The Origins and Development of Venice’s Forma Urbis
The origins of Venice proper date to approximately 810 AD, when the Doge’s capital was first temporarily and then permanently moved from Malamocco (on today’s Lido, i.e. on a barrier island separating the lagoon from the Adriatic Sea) to the Rivo Alto islands in the safer central part of the Lagoon .
The shape of the city (forma urbis) was initially dictated by the distribution of islets around a main tidal channel, which was to become the Grand Canal (red islands in Figure 1). Smaller channels, branching off the main trunk, separated these natural sandbars from one another. These channels were the ancestors of today’s canals that criss-cross the city (blue, in Figure 1).
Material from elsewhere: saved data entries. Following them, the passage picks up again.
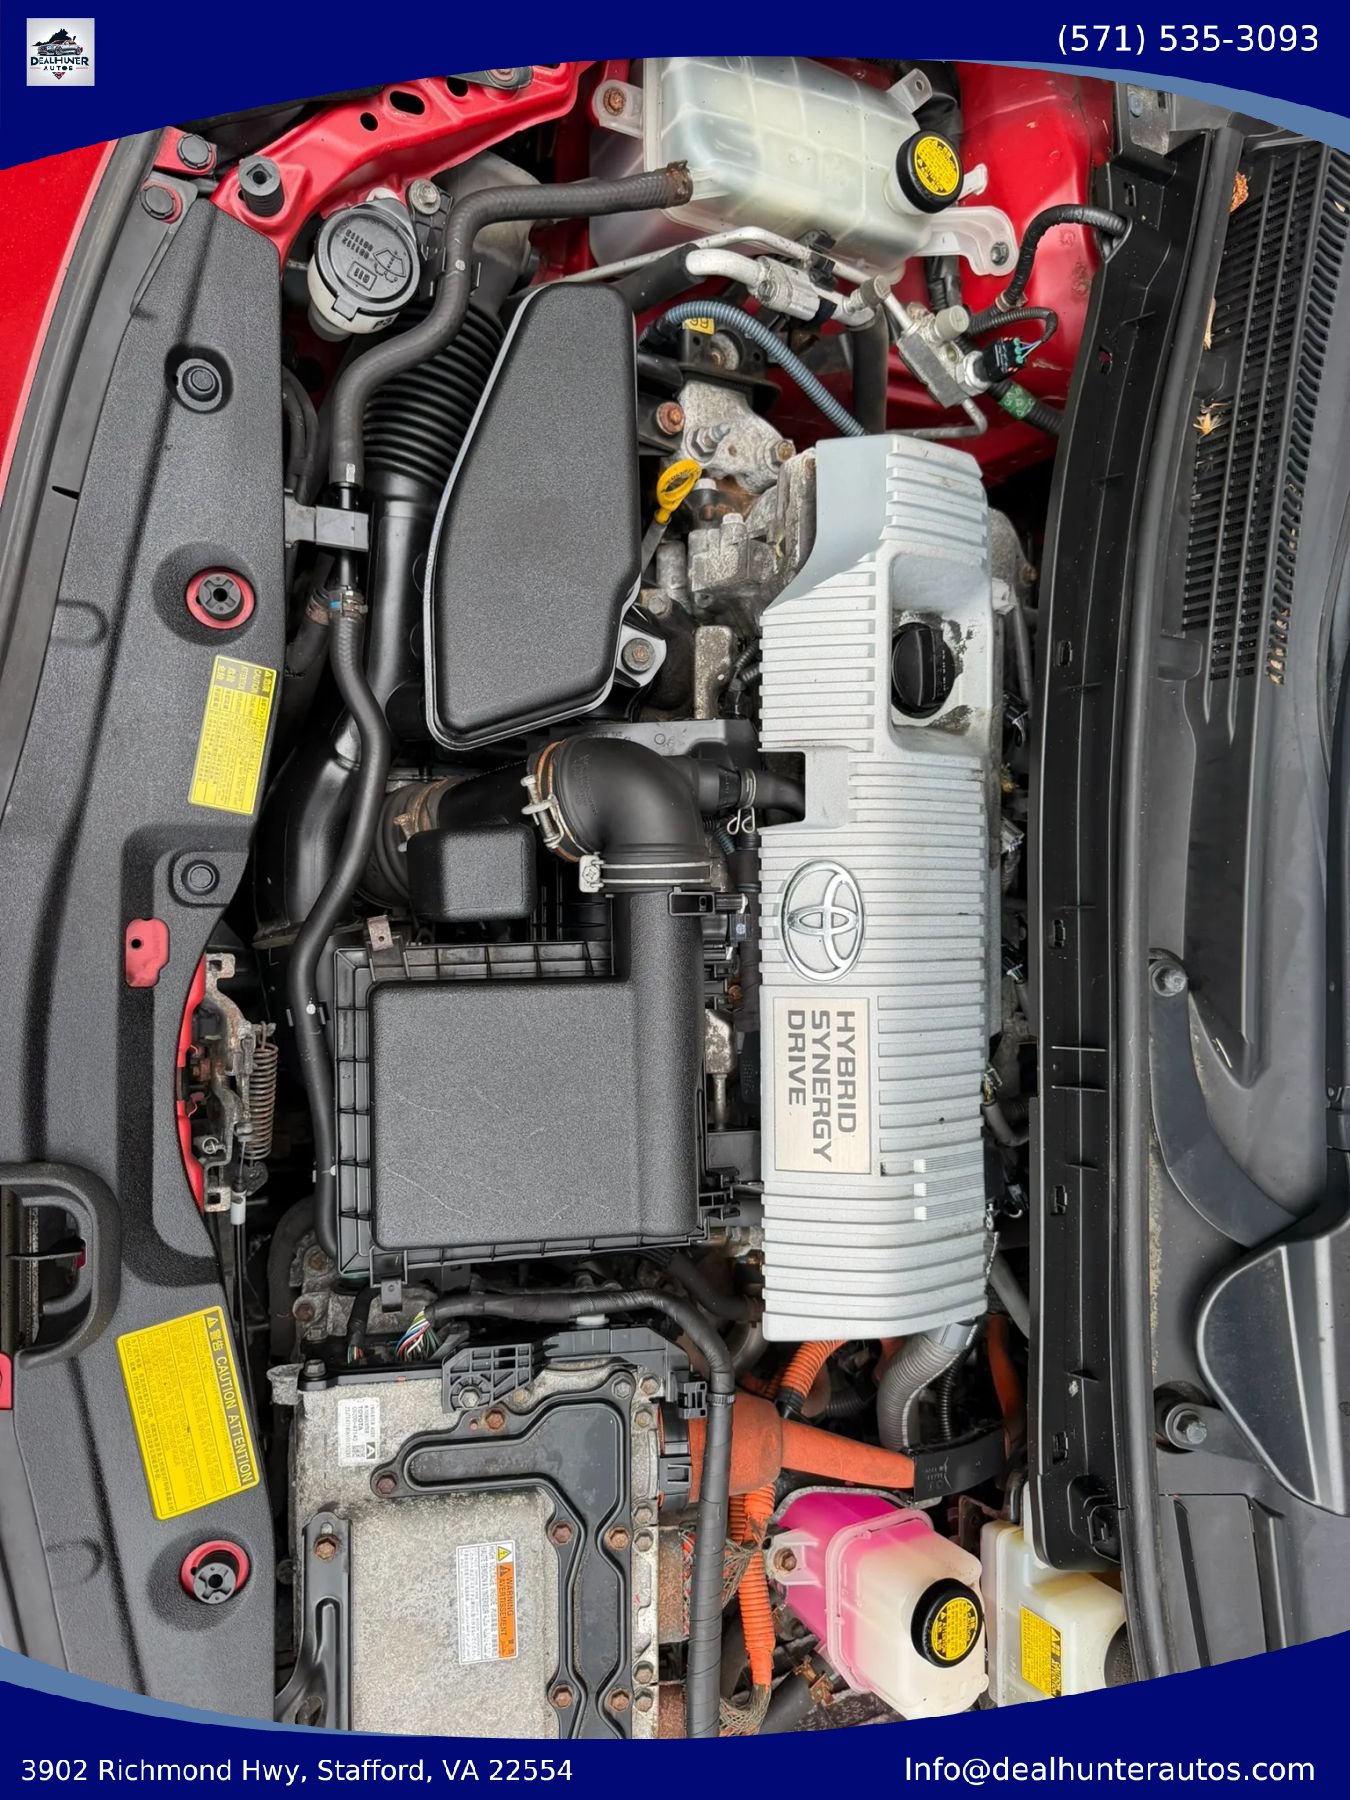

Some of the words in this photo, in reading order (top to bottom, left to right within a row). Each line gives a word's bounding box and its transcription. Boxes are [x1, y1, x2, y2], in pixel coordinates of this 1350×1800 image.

[787, 1010, 806, 1106] DRIVE
[811, 1010, 832, 1163] SYNERGY
[836, 1011, 857, 1133] HYBRID
[214, 1355, 237, 1410] CAUTION
[227, 1412, 253, 1483] ATTENTION
[367, 1444, 374, 1456] A
[497, 1577, 508, 1636] AVERTISSEMENT
[505, 1577, 514, 1616] WARNING
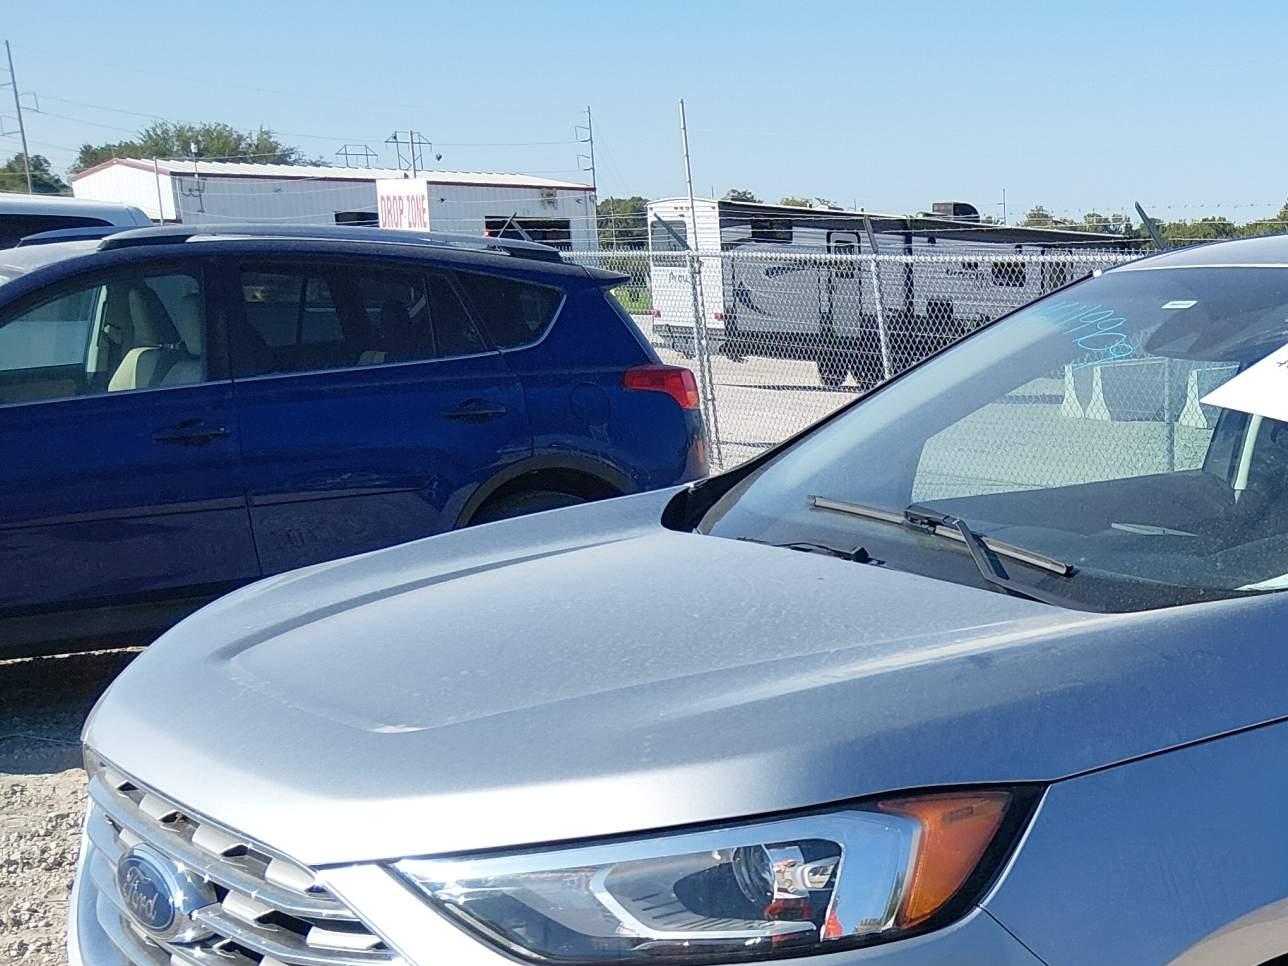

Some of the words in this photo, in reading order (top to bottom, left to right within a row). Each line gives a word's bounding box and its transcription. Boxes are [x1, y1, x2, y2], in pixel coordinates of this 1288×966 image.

Starting from these naturally occurring grassy islands (barene), the city of Venice began to develop with the gradual reclaiming of land from the waters between islands, which were thus incrementally brought closer and closer to each other until only small canals separated them. New islands were created with the mud dredged from existing channels and the city eventually acquired the fish-like shape that it retains to this day , molded around the Grand Canal around which it all started. This sort of “wharfing out” process, not unlike what happened around the Boston waterfront and in the Back Bay, was piecemeal, but guided by primitive forms of “planning” in the form of Ducal edicts, grants, permits and prescriptions. Already in 811 AD, the very first Doge in the new Rialto headquarters, Agnello Partecipazio, had established a special Magistrate “to oversee the enlargement and the “design” of the island of Rialto, to supervise the proper reclamation and embankment of sandbars and marshes nearby, and to fortify and protect the lidi from the impetus of the sea” .
Today, Venice is composed of about 120 islands, separated by about 200 canals and connected by about 450 bridges. The fortuitous beginnings of the city, which was initially just a loose “federation” of small island villages, created an imprint that had a lasting impact on future urban development and may very well have indirectly influenced its civic and political organization as well.